Soliciting and incorporating feedback is an essential element for success in the learning and development of technological systems. In order to encourage active student participation in the feedback process, this course implements an active feedback points system. The system is governed by the following rules:

Attendance Policy

Your active participation in class is expected. Class attendance is expected because it's much easier to learn if you're coming to class and asking questions in lecture about things that confuse you.

Late Work Policy

Late work delays both the learning process and the feedback process. Project elements needs to be turned in a timely fashion. D2L assignment submissions for project elements will be closed 24 hours after the feedback deadline.

The instructor may waive late penalties if techical problems to homework submission occurs. In the event of technical difficulties:

Words of Wisdom (TAKE THIS PART SERIOUSLY!)

Academic Misconduct

Any student is found obtaining or granting inappropriate help in this course on any in-class graded assignment (test, quiz, exam) will subject to acadmic discipline. The offense will go on permanent record with the university. If this is not the student's first academic misconduct offense at CSU, he will be recommended for expulsion from the university. This is in full accord with CSU's policy, and we encourage you to read and review the university's policy in your student handbook.

So it is permissible to do group work or work with a tutor or other instructors on outside work in this course that is to be turned in for a grade. However, remember that the objective is to gain understanding of the problem solving process and apply that understanding. Note that the majority of the course grade is done via an in-class assessment, which each student must do on their own work without assistance.

Academic discipline can range from a zero for the in-class assessment in question to expulusion from the University depending on the circumstances.

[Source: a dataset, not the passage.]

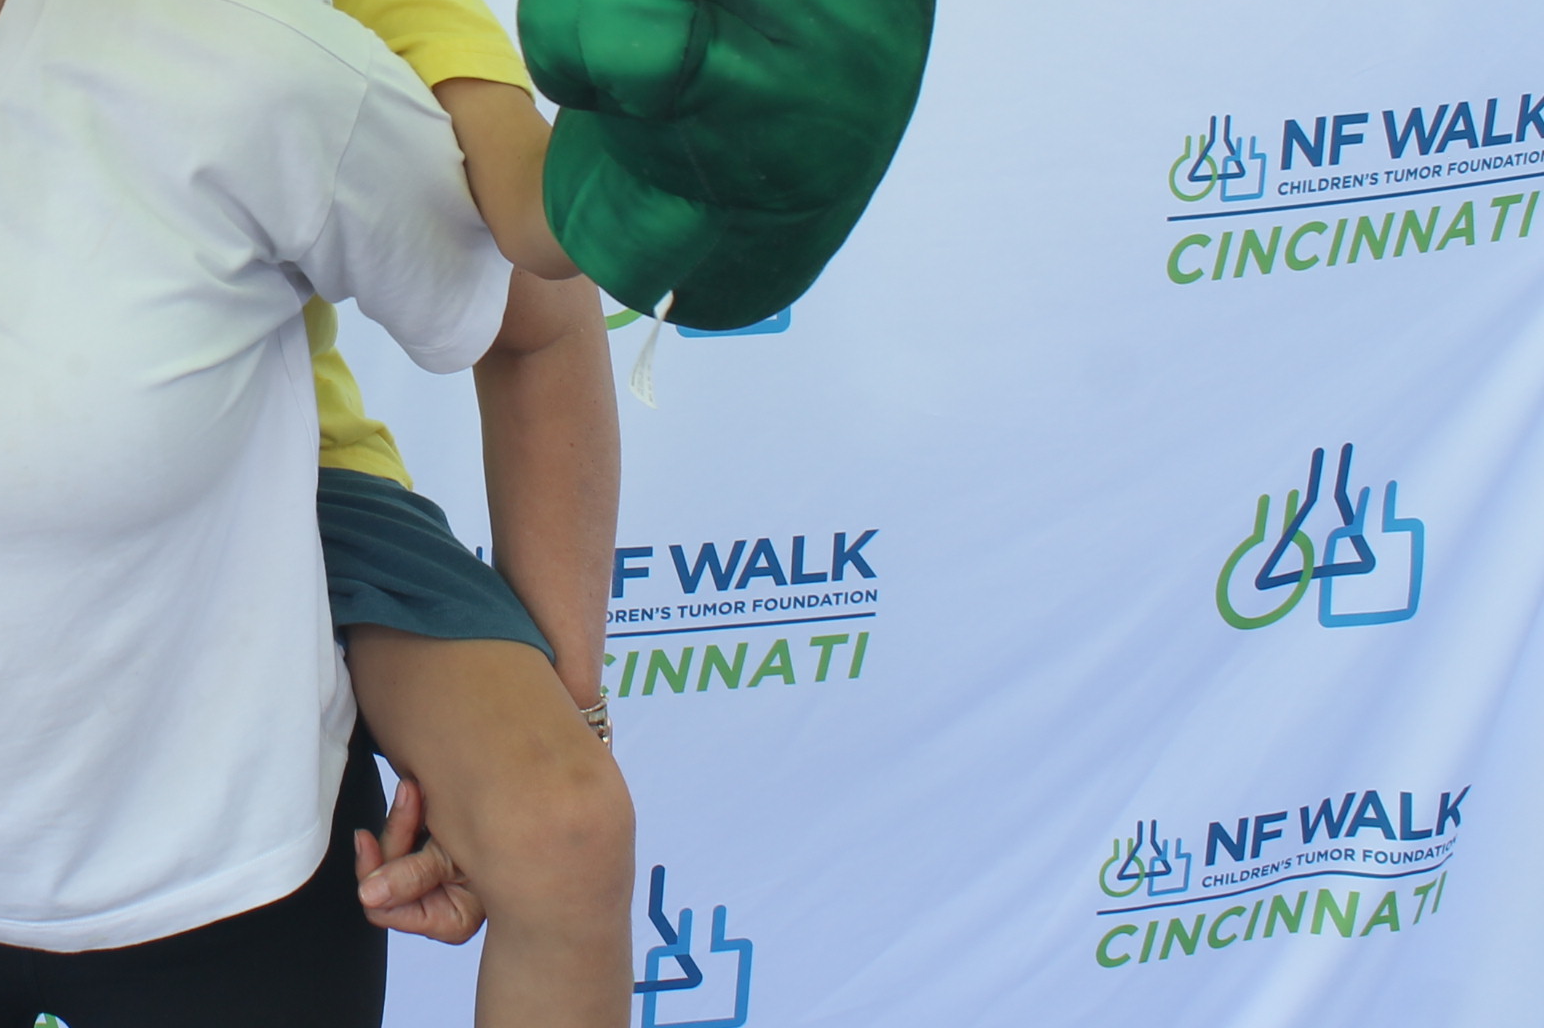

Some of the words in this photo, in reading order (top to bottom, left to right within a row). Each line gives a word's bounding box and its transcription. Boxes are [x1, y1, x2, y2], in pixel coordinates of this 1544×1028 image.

All alleged instances of acadmic misconduct will be referred to the Office of Student Affairs.

CAS / Operation Study

Come to the CAS @ CSU

Throughout the fall, spring, and summer semesters, the Center for Academic Success (CAS) provides personalized one-on-one peer and professional staff tutoring in over 100 core subjects. We are located in Edgewater Hall Suite 276. The CAS also offers moderated study groups, informal study sessions, a comfortable study environment, a student study lounge, and it's all free! Come see us if you need help, come BE a tutor if you don't. Don't wait until it's too late. At the CAS, your academic success is right around the corner! For more information you can e-mail us at thecas@clayton.edu

Hardship Withdrawal

Students who experience an unexpected event or circumstance beyond their control that directly interferes with their ability to continue to make satisfactory progress in classes, such as serious illnesses or unexpected major life events, may petition the Dean of their major for a hardship withdrawal from all classes. In order to be considered for a hardship withdrawal, the student must have been passing all courses at the time that the emergency or other hardship arose and notify his or her instructors or other University officials about the hardship situation as soon as possible after it arose (per University and BOR policy, ―passing is defined as a grade of ―D or above). Hardship requests that are not filed in a timely manner are subject to denial even if the student was passing and the hardship was legitimate. Students who attend any classes through the end of a term and complete all course requirements (i.e. final project or exam) are not eligible for hardship withdrawal. If you have taken a final exam in any of your courses, you may not request a hardship withdrawal. For more information go to: http://www.clayton.edu/registrar/Withdrawal

ITP Choice Information

Beginning Fall Semester 2001, all students at CCSU are required to state that they have on-demand access to a notebook computer that meets the recommended hardware/software specifications that have been established by Clayton State faculty. Academic penalties may be incurred for not meeting this requirement. See http://www.clayton.edu/hub/itpchoice/notebookcomputerpolicy for more information.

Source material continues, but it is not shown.